SML vs Ocaml for ECMA script spec.

Dave Herman dherman at
Wed Oct 25 04:36:44 PDT 2006

> I was suggesting that those who were interested in different 
> specification techniques do it on their own time, and leave you guys 
> alone. :) When the next rev comes out people can flog it out or perhaps 
> have a process to include more detailed specs as clarifying 
> informational addenda...  If I remember correctly RS5Rn is in that 
> style. The prose is the "official" standard and the semantics was 
> "informational".

I see.

> It might be good to have such parallel efforts, as it might help to 
> debug the spec you guys are developing. It's my experience that you can 
> never believe anything is done right, unless you do it two times in 
> different ways.


> In particular proving type-safety is best done with a small-steps 
> semantics. However, I don't think you guys want to tackle that in the 

Indeed-- however, it's hard to prove your type system sound if it isn't. 
;) According to the current draft spec, ES4 has a dynamic type system 
with a "verification phase" that may reject some programs. However, 
there is no Milner-style guarantee if the static checker blesses your 
program; any expression may still generate a runtime type error.
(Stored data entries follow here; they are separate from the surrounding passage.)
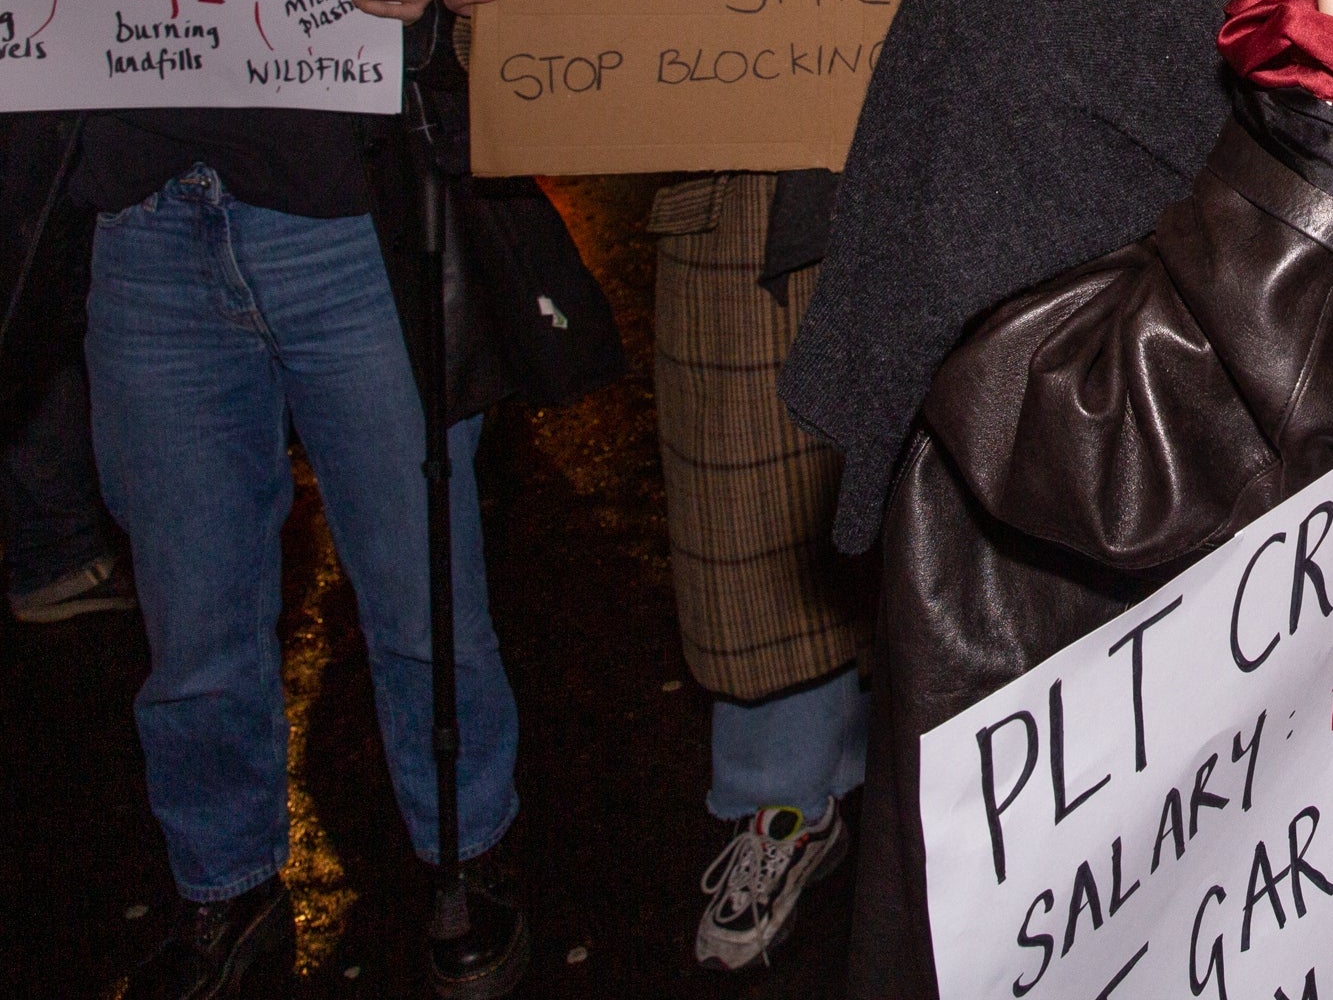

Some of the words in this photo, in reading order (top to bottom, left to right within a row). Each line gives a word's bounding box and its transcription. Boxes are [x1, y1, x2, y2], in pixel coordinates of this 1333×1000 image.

[115, 11, 220, 49] burning
[106, 48, 203, 80] landfills
[247, 57, 383, 85] WILDFIRES
[500, 51, 623, 101] STOP
[976, 595, 1182, 884] PLT
[1012, 709, 1296, 998] SALARY:
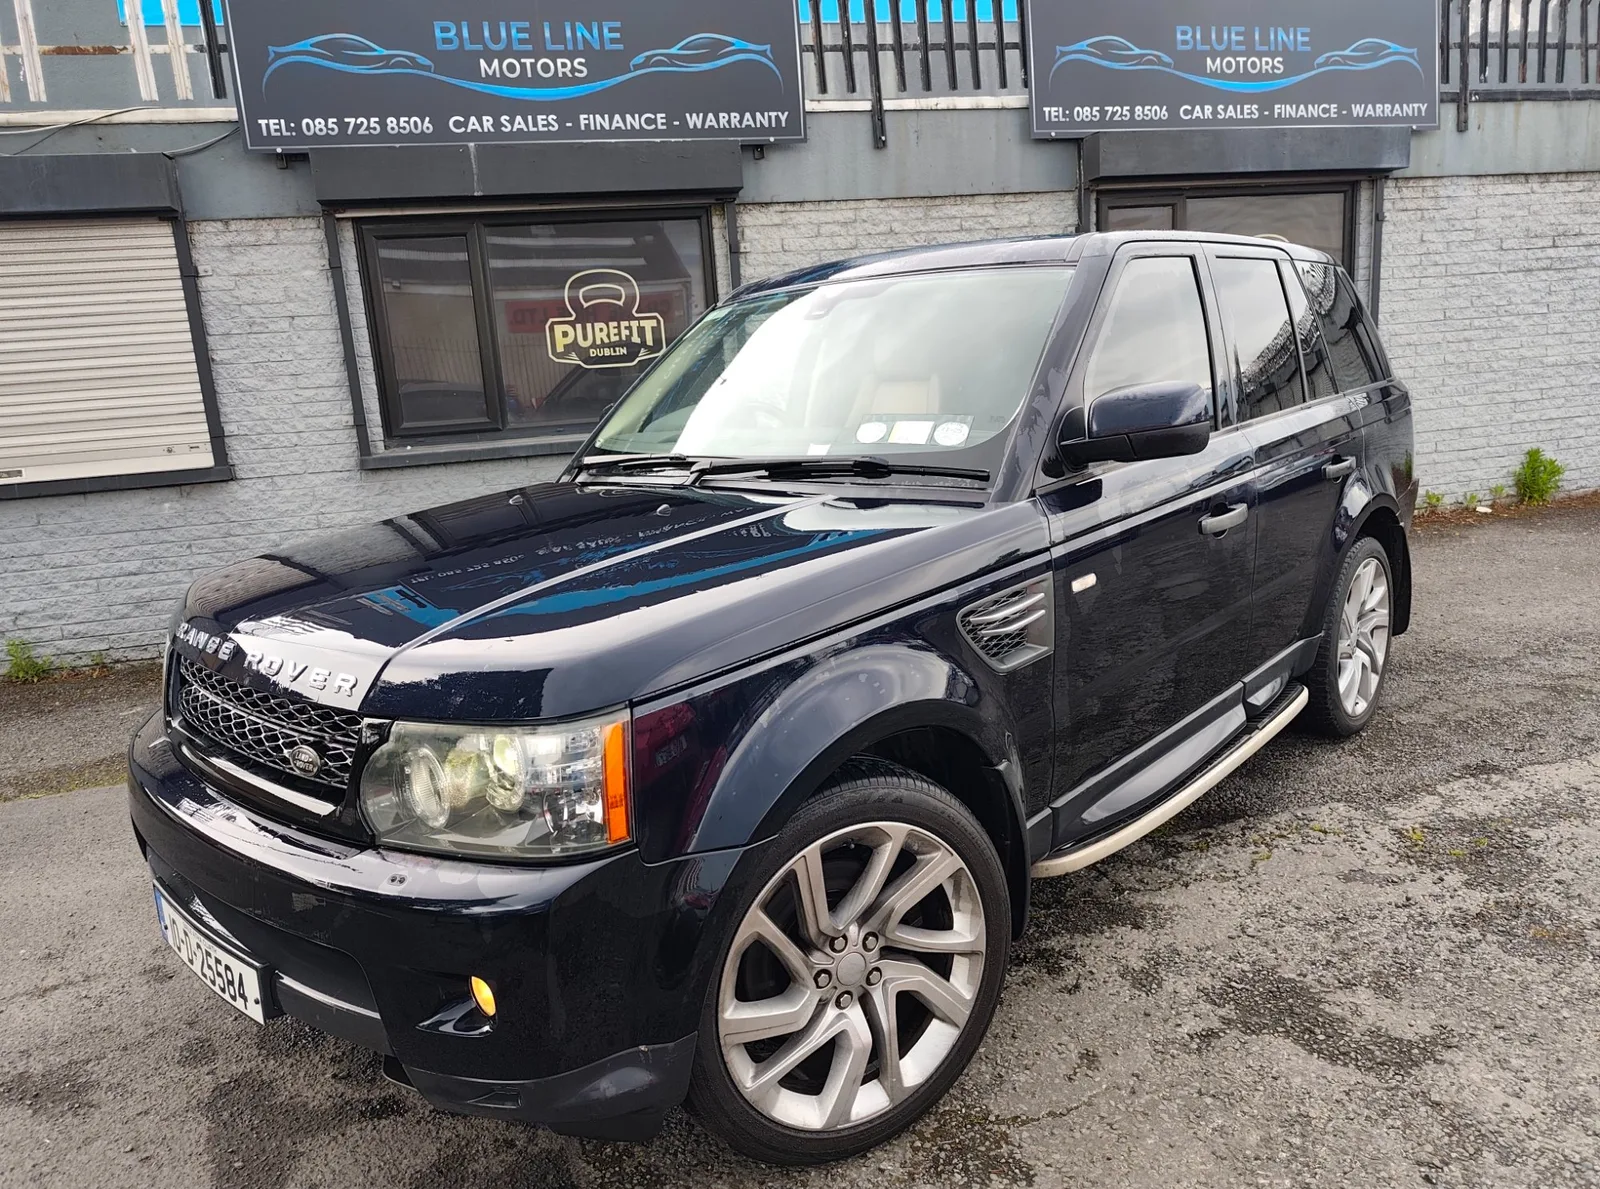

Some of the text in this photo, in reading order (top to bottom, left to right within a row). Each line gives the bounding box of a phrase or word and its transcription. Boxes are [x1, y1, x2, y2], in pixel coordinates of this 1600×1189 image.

Basic language safety (in the sense of Appel's "sermon on safety" in the 
Tiger book) is ensured via dynamic types. With a spec in ML, this 
amounts roughly to proving that every case analysis is exhaustive 
(conveniently proved by the ML compiler!), and perhaps strengthened by a 
hand proof showing that certain "can't-happen" cases never happen. Type 
soundness, though, doesn't hold.

(For the very latest on what type soundness means in a language with 
mixed static and dynamic types, I recommend Sam Tobin-Hochstadt and 
Matthias Felleisen's upcoming paper at DLS:

The basic refinement of Milner's statement is something along the lines 
of "programs with well-typed modules only go wrong due to untyped 
modules." However, we don't quite have such a system.)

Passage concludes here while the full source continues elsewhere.